Location
- Winchester Park Road Sandown Isle of Wight, PO36 9BA England 50°39′27″N 1°09′31″W﻿ / ﻿50.65745°N 1.15873°W

Information
- Type: Voluntary controlled school
- Religious affiliation: Church of England
- Local authority: Isle of Wight Council
- Department for Education URN: 136013 Tables
- Ofsted: Reports
- Executive Headteacher: Duncan Mills
- Gender: Co-educational
- Age: 4 to 16
- Enrollment: 1281 (August 2021)
- Website: www.bayceschool.org

= The Bay Church of England School =

The Bay Church of England School is a co-educational all-through school located in Sandown on the Isle of Wight, England.

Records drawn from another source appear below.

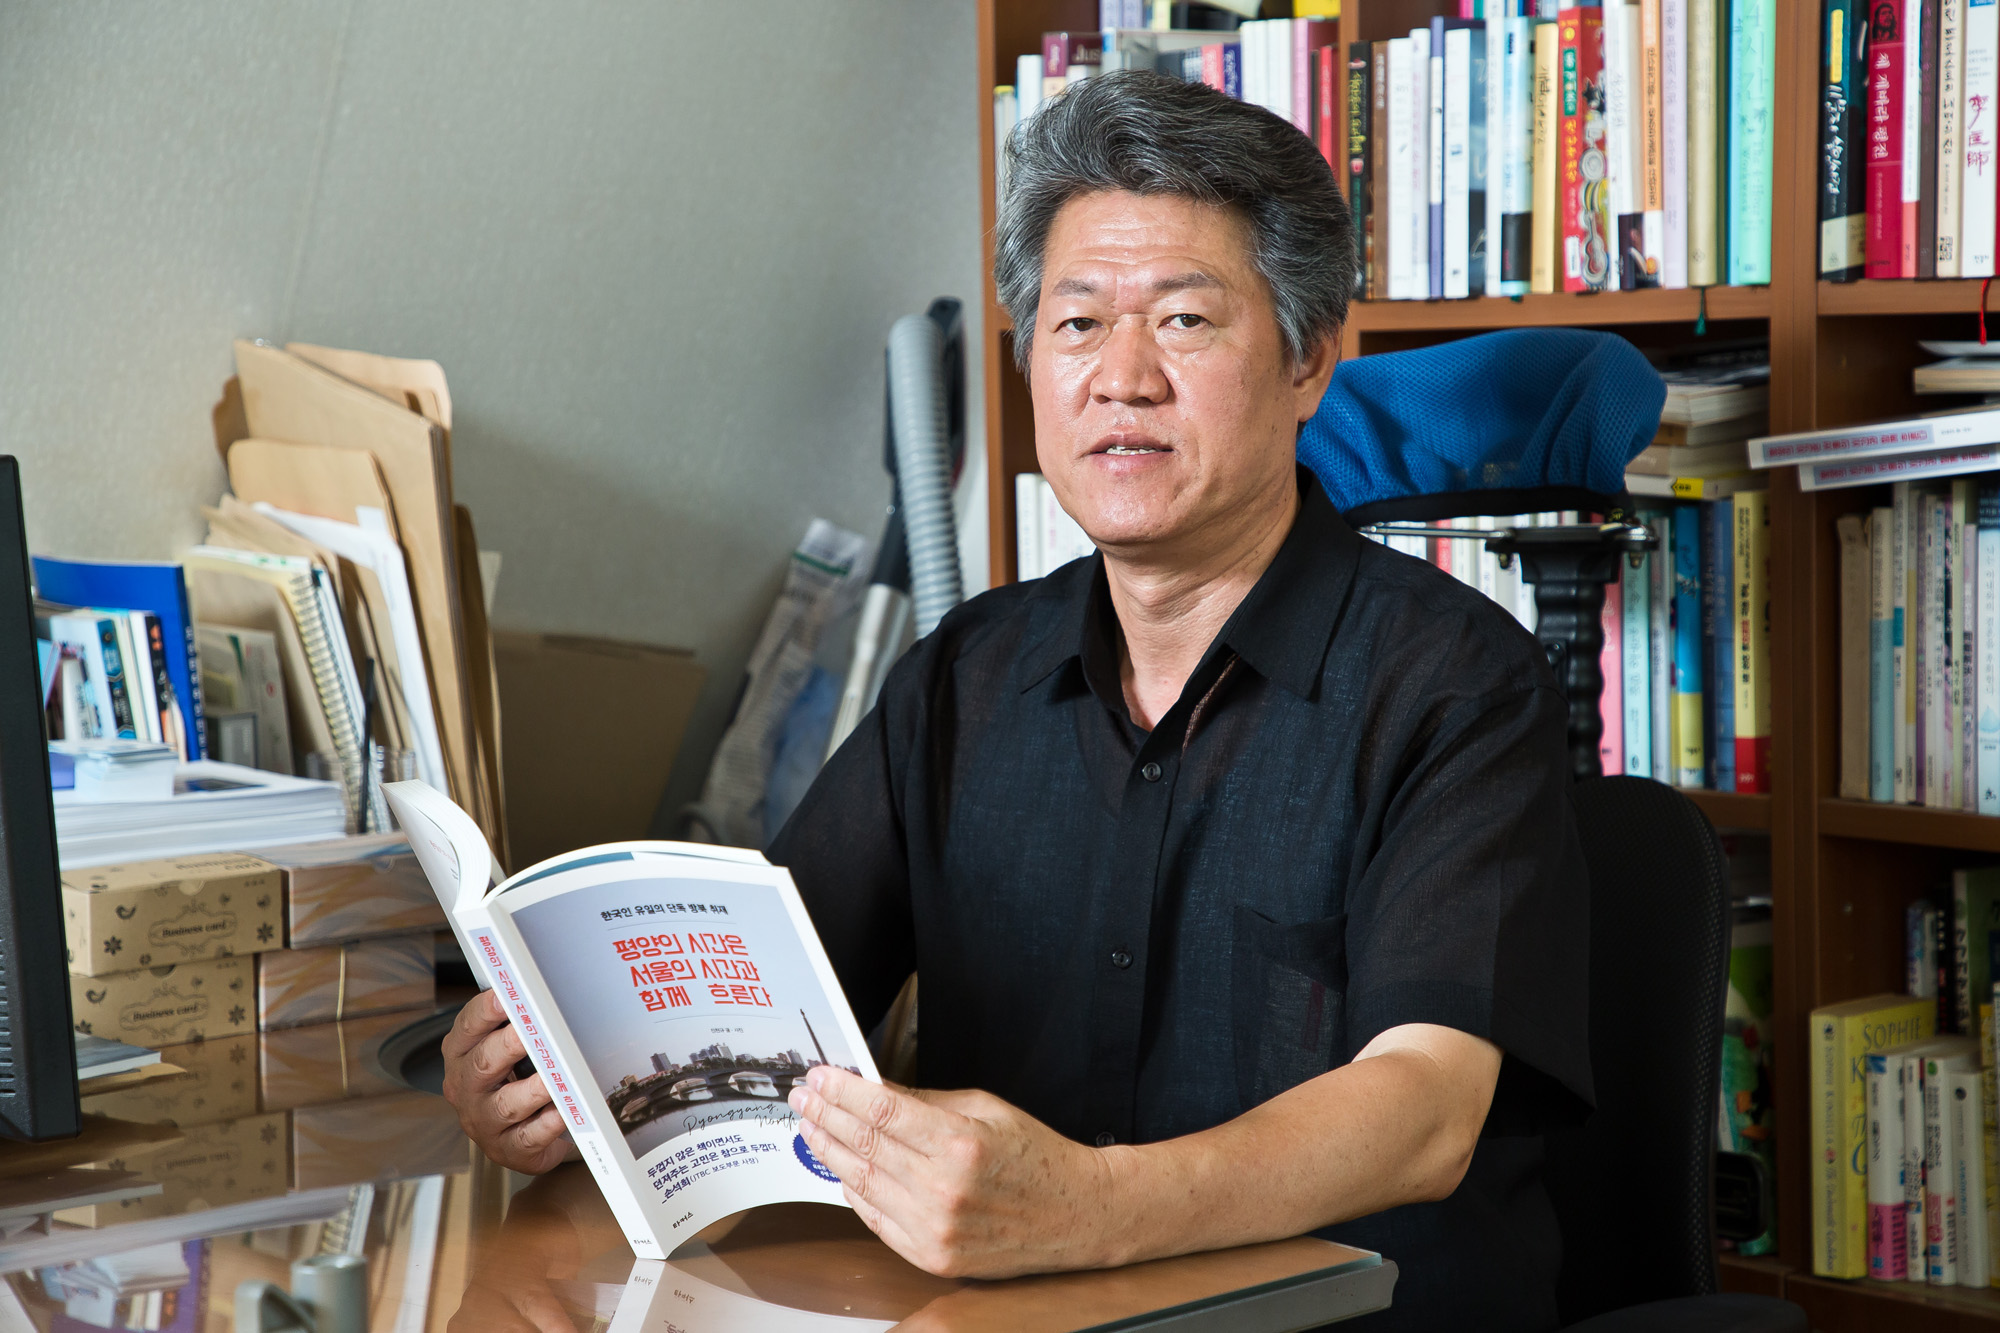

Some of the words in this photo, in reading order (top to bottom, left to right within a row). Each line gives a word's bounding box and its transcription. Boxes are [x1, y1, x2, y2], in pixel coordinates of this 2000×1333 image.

[600, 907, 633, 922] 한국인
[634, 904, 666, 919] 유일의
[667, 903, 686, 916] 단독
[688, 903, 707, 916] 방북
[709, 904, 729, 916] 취재
[162, 923, 204, 938] Business
[205, 920, 228, 933] card
[612, 933, 684, 962] 평양의
[688, 932, 750, 957] 시간은
[629, 957, 697, 988] 서울의
[702, 958, 761, 983] 시간과
[132, 1008, 175, 1022] Business
[176, 1004, 199, 1016] card
[637, 986, 692, 1013] 함께
[711, 983, 774, 1009] 흐른다
[478, 936, 502, 968] 평양의
[498, 969, 520, 1001] 시간은
[516, 1003, 538, 1036] 서울의
[534, 1038, 556, 1069] 시간과
[550, 1072, 569, 1093] 함께
[563, 1095, 585, 1126] 흐른다
[1863, 1015, 1922, 1052] SOPHIE
[683, 1101, 779, 1136] Pyongyang,
[754, 1111, 798, 1131] North
[647, 1156, 675, 1178] 두껍지
[675, 1146, 695, 1161] 않은
[696, 1134, 744, 1151] 책이면서도
[653, 1165, 690, 1191] 던져주는
[691, 1152, 719, 1169] 고민은
[721, 1145, 750, 1158] 참으로
[750, 1142, 781, 1153] 두껍다.
[712, 1160, 740, 1173] 보도부문
[741, 1157, 759, 1165] 사장)

It was formed in September 2010 from the merger of Sandown Church of England Primary School and St John's Church of England Primary School in Sandown. and then opened a secondary school provision a year later. Today it is a Church of England voluntary controlled school for pupils aged 4 to 16, and is administered by the Isle of Wight Council and the Anglican Diocese of Portsmouth.

The Bay Church of England School offers GCSEs and BTECs as programmes of study for pupils. In 2019, the primary department of the school was awarded the Primary Science Quality Mark for its Science teaching.